[Items from a dataset]
---*---

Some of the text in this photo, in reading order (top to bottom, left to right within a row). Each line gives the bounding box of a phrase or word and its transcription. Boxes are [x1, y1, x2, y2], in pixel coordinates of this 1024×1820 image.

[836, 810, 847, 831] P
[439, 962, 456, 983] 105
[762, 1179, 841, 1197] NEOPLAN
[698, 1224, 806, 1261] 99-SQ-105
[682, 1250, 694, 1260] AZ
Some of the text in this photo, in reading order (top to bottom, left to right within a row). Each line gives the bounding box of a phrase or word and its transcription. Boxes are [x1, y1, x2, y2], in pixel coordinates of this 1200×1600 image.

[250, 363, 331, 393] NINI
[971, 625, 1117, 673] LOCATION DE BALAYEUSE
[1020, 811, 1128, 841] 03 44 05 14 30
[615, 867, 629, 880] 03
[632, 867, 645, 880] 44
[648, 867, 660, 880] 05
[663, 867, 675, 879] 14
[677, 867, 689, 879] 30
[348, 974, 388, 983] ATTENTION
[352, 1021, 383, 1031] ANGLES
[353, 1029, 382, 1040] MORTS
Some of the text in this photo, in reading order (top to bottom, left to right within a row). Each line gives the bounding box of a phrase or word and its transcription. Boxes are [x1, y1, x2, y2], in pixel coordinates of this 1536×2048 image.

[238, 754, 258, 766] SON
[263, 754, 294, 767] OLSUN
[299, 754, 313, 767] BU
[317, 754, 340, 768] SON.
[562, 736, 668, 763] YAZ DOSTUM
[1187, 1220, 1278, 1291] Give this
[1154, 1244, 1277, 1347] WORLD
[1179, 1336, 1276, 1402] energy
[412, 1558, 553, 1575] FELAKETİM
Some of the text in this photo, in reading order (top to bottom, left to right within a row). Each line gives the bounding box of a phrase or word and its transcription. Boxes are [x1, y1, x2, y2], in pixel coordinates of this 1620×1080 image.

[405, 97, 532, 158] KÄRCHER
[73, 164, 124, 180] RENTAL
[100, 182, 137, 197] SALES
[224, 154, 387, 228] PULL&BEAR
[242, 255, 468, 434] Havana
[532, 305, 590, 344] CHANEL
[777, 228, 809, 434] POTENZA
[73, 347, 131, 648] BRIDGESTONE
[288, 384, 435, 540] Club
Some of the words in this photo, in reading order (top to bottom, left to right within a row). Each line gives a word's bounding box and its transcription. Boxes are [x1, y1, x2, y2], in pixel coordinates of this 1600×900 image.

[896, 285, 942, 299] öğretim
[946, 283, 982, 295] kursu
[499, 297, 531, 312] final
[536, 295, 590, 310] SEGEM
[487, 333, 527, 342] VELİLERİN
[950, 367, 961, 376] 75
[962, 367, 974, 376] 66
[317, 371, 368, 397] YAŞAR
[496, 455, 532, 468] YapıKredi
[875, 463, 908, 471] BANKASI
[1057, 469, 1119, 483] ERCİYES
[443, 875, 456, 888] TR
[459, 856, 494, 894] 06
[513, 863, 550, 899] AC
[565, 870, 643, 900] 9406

---*---

WORK REQUIRED — Each entry above needs to be output exactly as written.

ANSWER TO THE EXERCISE —
Some of the text in this photo, in reading order (top to bottom, left to right within a row). Each line gives the bounding box of a phrase or word and its transcription. Boxes are [x1, y1, x2, y2], in pixel coordinates of this 1024×1820 image.

[836, 810, 847, 831] P
[439, 962, 456, 983] 105
[762, 1179, 841, 1197] NEOPLAN
[698, 1224, 806, 1261] 99-SQ-105
[682, 1250, 694, 1260] AZ
Some of the text in this photo, in reading order (top to bottom, left to right within a row). Each line gives the bounding box of a phrase or word and its transcription. Boxes are [x1, y1, x2, y2], in pixel coordinates of this 1200×1600 image.

[250, 363, 331, 393] NINI
[971, 625, 1117, 673] LOCATION DE BALAYEUSE
[1020, 811, 1128, 841] 03 44 05 14 30
[615, 867, 629, 880] 03
[632, 867, 645, 880] 44
[648, 867, 660, 880] 05
[663, 867, 675, 879] 14
[677, 867, 689, 879] 30
[348, 974, 388, 983] ATTENTION
[352, 1021, 383, 1031] ANGLES
[353, 1029, 382, 1040] MORTS
Some of the text in this photo, in reading order (top to bottom, left to right within a row). Each line gives the bounding box of a phrase or word and its transcription. Boxes are [x1, y1, x2, y2], in pixel coordinates of this 1536×2048 image.

[238, 754, 258, 766] SON
[263, 754, 294, 767] OLSUN
[299, 754, 313, 767] BU
[317, 754, 340, 768] SON.
[562, 736, 668, 763] YAZ DOSTUM
[1187, 1220, 1278, 1291] Give this
[1154, 1244, 1277, 1347] WORLD
[1179, 1336, 1276, 1402] energy
[412, 1558, 553, 1575] FELAKETİM
Some of the text in this photo, in reading order (top to bottom, left to right within a row). Each line gives the bounding box of a phrase or word and its transcription. Boxes are [x1, y1, x2, y2], in pixel coordinates of this 1620×1080 image.

[405, 97, 532, 158] KÄRCHER
[73, 164, 124, 180] RENTAL
[100, 182, 137, 197] SALES
[224, 154, 387, 228] PULL&BEAR
[242, 255, 468, 434] Havana
[532, 305, 590, 344] CHANEL
[777, 228, 809, 434] POTENZA
[73, 347, 131, 648] BRIDGESTONE
[288, 384, 435, 540] Club
Some of the words in this photo, in reading order (top to bottom, left to right within a row). Each line gives a word's bounding box and its transcription. Boxes are [x1, y1, x2, y2], in pixel coordinates of this 1600×900 image.

[896, 285, 942, 299] öğretim
[946, 283, 982, 295] kursu
[499, 297, 531, 312] final
[536, 295, 590, 310] SEGEM
[487, 333, 527, 342] VELİLERİN
[950, 367, 961, 376] 75
[962, 367, 974, 376] 66
[317, 371, 368, 397] YAŞAR
[496, 455, 532, 468] YapıKredi
[875, 463, 908, 471] BANKASI
[1057, 469, 1119, 483] ERCİYES
[443, 875, 456, 888] TR
[459, 856, 494, 894] 06
[513, 863, 550, 899] AC
[565, 870, 643, 900] 9406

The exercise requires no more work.